Labels: randomness, surgery
7 Comments:
Hey there, you Superior Scribbler, you! First of all, I'm not "spamming" you; I promise! Second of all, I'd like to introduce myself: I'm Melissa B., The Scholastic Scribe, & I'm the "Original" Superior Scribbler! Third thing on my mind: I've been nominated for a pretty prestigious blog award; I'd greatly appreciate your vote, so if you click on over to my place, you'll see the info. It's an annual award from EduBlog, and I'm up for Best Individual Blog. And 4th thing on today's agenda: I've got a cute "contest," of sorts, going on at my place every Sunday. Please come by this Sunday for the Silly Sunday Sweepstakes. And, thanks for your support!
Hey there - hope the surgery really did go well... I have to tell you too, that this has convinced my reluctant other half to go to have his hearing properly checked as he assumed his deafness was just one of those things. No appointment yet but it's the first time he's made a go of investigating so thanks for posting and I really hope it turns out ok.

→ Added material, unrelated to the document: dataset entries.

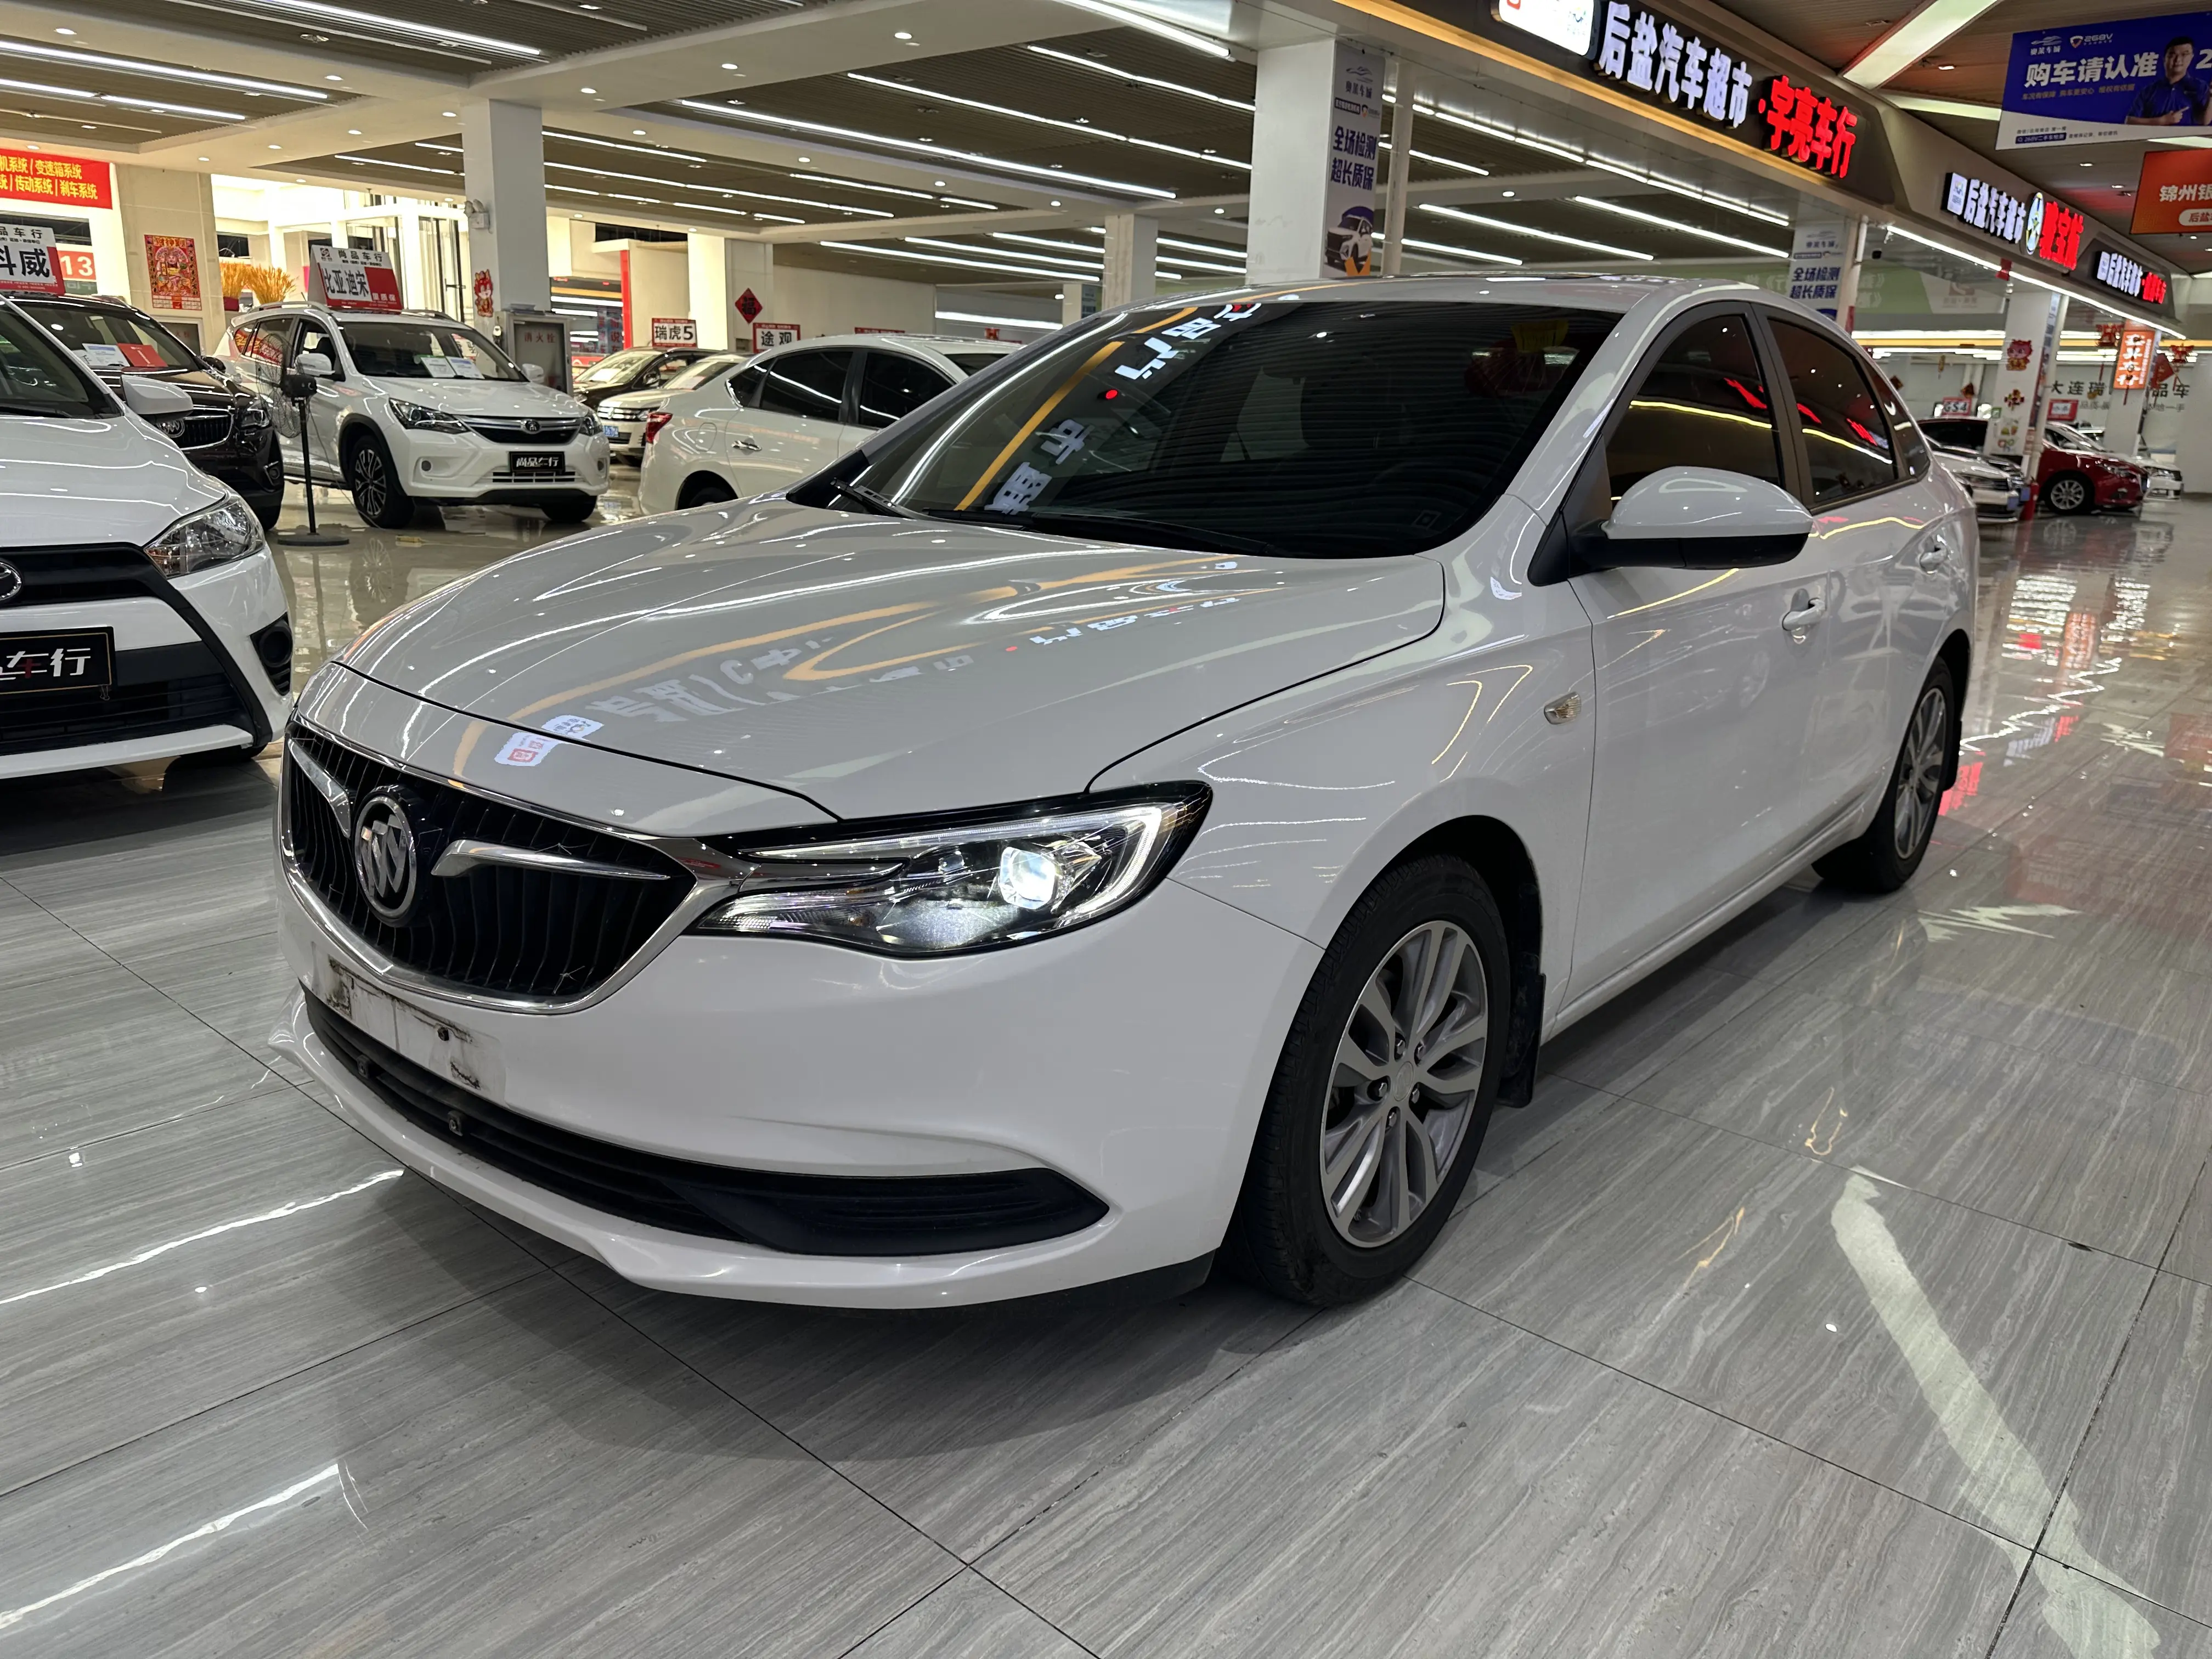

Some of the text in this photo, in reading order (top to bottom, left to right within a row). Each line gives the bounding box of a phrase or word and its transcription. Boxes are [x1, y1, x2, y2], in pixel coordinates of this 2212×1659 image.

[1599, 1, 1752, 128] 后盐汽车超市
[2024, 52, 2159, 88] 购车请认准
[1333, 126, 1378, 160] 全场检测
[1331, 157, 1375, 191] 超长质保
[2159, 183, 2212, 202] 锦州银
[1963, 178, 2026, 244] 后盐汽车超市
[2188, 212, 2212, 223] 后盐
[60, 255, 93, 276] 13
[338, 250, 382, 262] 尚品车行
[321, 268, 369, 297] 比亚迪宋
[1791, 267, 1841, 283] 全场检测
[1790, 285, 1837, 299] 超长质保
[742, 296, 757, 315] 福
[524, 331, 556, 344] 消火栓
[654, 326, 693, 341] 瑞虎5
[761, 331, 792, 347] 途观
[0, 648, 92, 681] 车行

melissa-ty and i will check them out.
sparx-i had always thought it was one of those things as well, and have had several hearing appointments. this was the first time someone said, let's do something about this. glad your other half is looking into it. and ty as always for swinging by.

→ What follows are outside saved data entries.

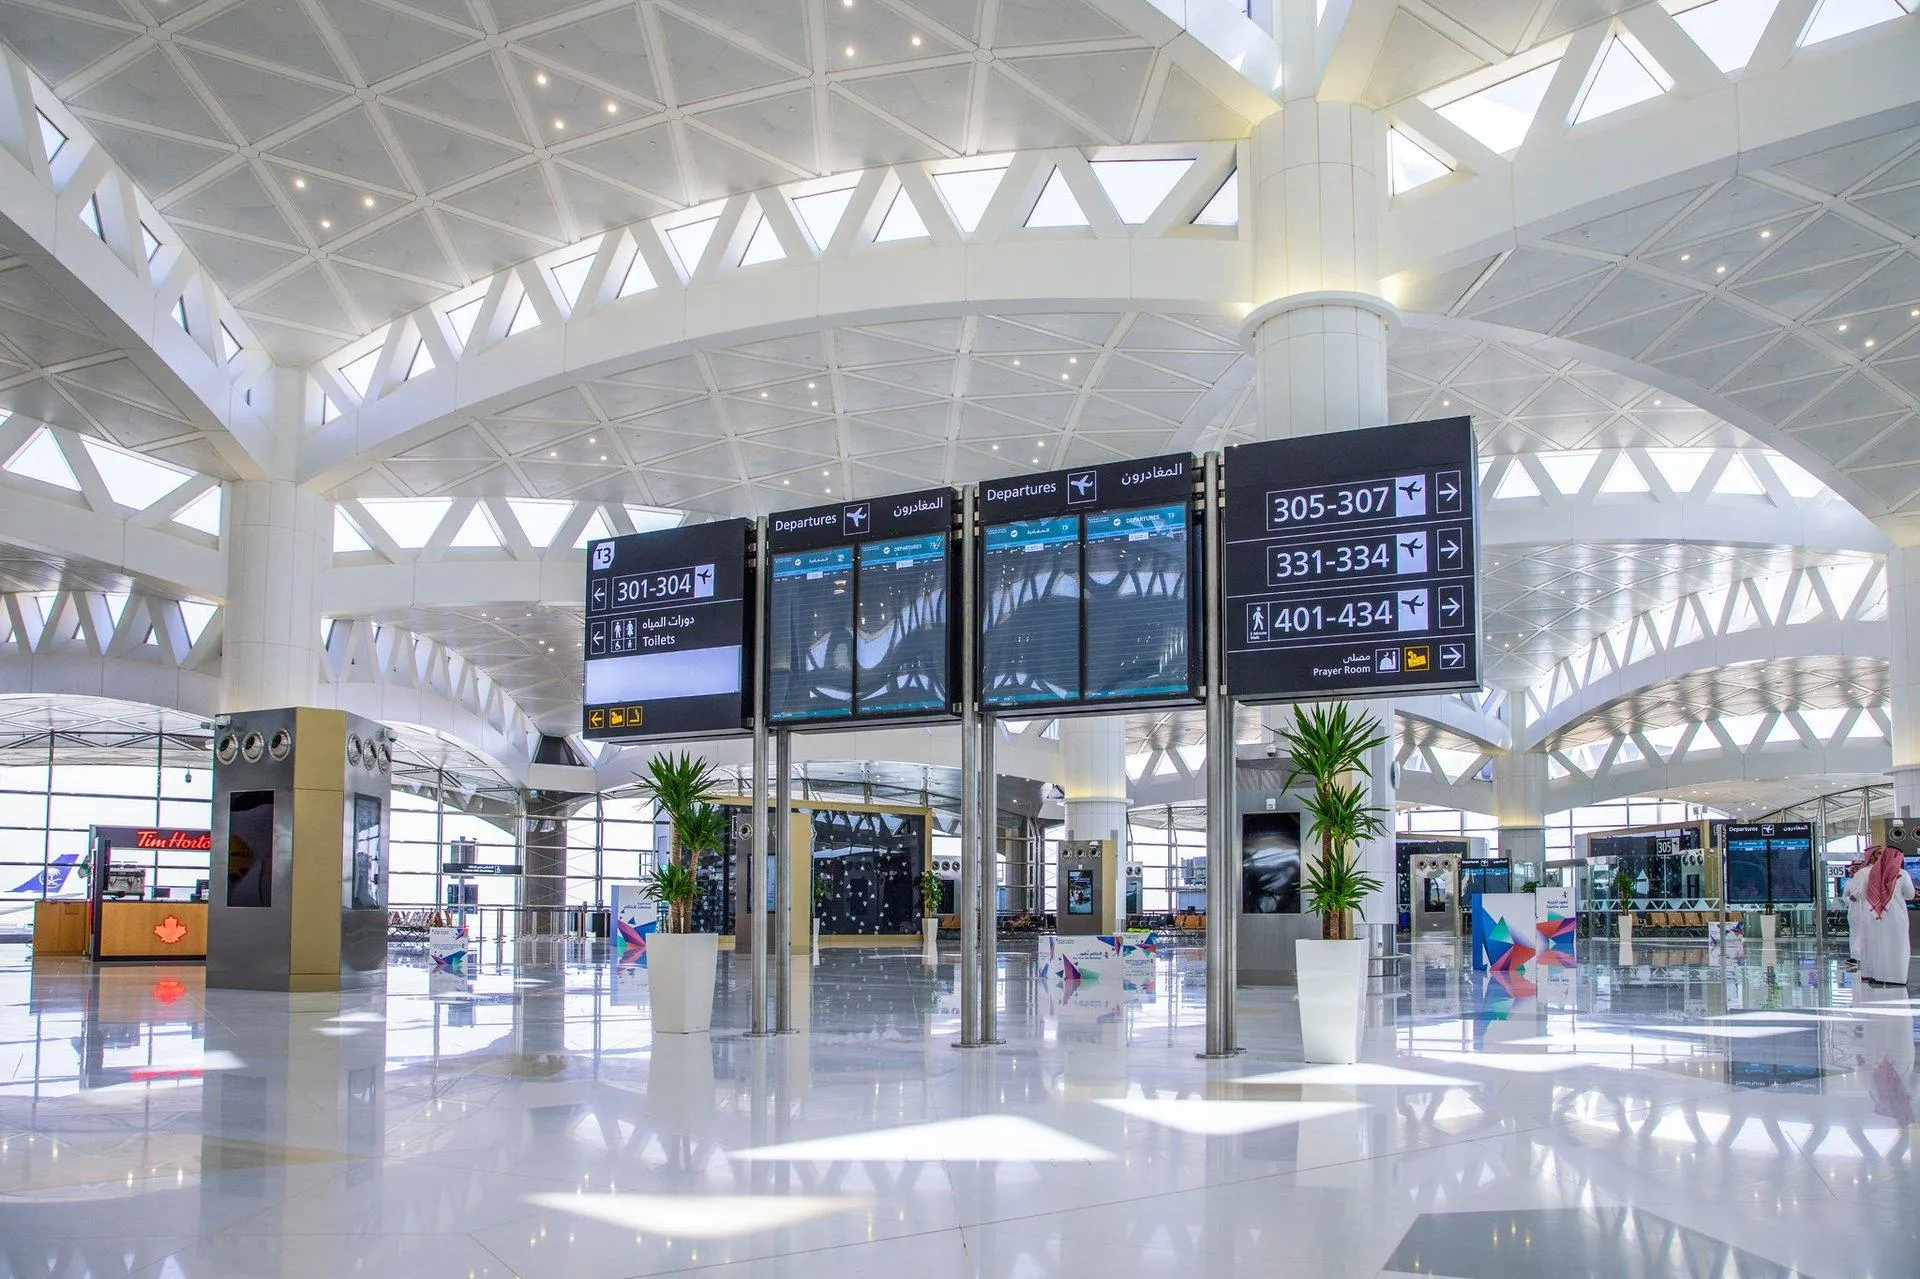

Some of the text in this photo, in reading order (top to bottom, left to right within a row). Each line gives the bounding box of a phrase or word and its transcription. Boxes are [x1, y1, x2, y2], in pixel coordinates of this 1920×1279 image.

[1121, 463, 1183, 485] المغادرون
[987, 482, 1057, 501] Departures
[893, 497, 943, 517] المغادرون
[1274, 487, 1389, 522] 305-307
[775, 513, 837, 532] Departures
[1126, 514, 1160, 524] DEPARTURES
[596, 547, 611, 564] T3
[894, 543, 922, 552] DEPARTURES
[1276, 543, 1390, 577] 331-334
[617, 573, 691, 602] 301-304
[642, 615, 695, 631] دورات المياه
[1274, 600, 1393, 632] 401-434
[642, 635, 676, 647] Toilets
[1342, 653, 1371, 664] مصلى
[1313, 665, 1371, 678] Prayer Room
[137, 831, 166, 847] Tim
[1658, 841, 1672, 853] 305
[1828, 866, 1844, 876] 305

best wishes for quick healing
ty lara
Oh my word.... I get busy and can't visit blogs for a while and see what happens?
Hope you're hearing like a champ soon Darth.
Happy Christmas to you and yours.
ty and likewise z. and yeah, i like to drop stuff on people apparently. if i had a buck for everyone who said "i didn't know you were having surgery" when i am pretty sure it was all i talked about prior to lol.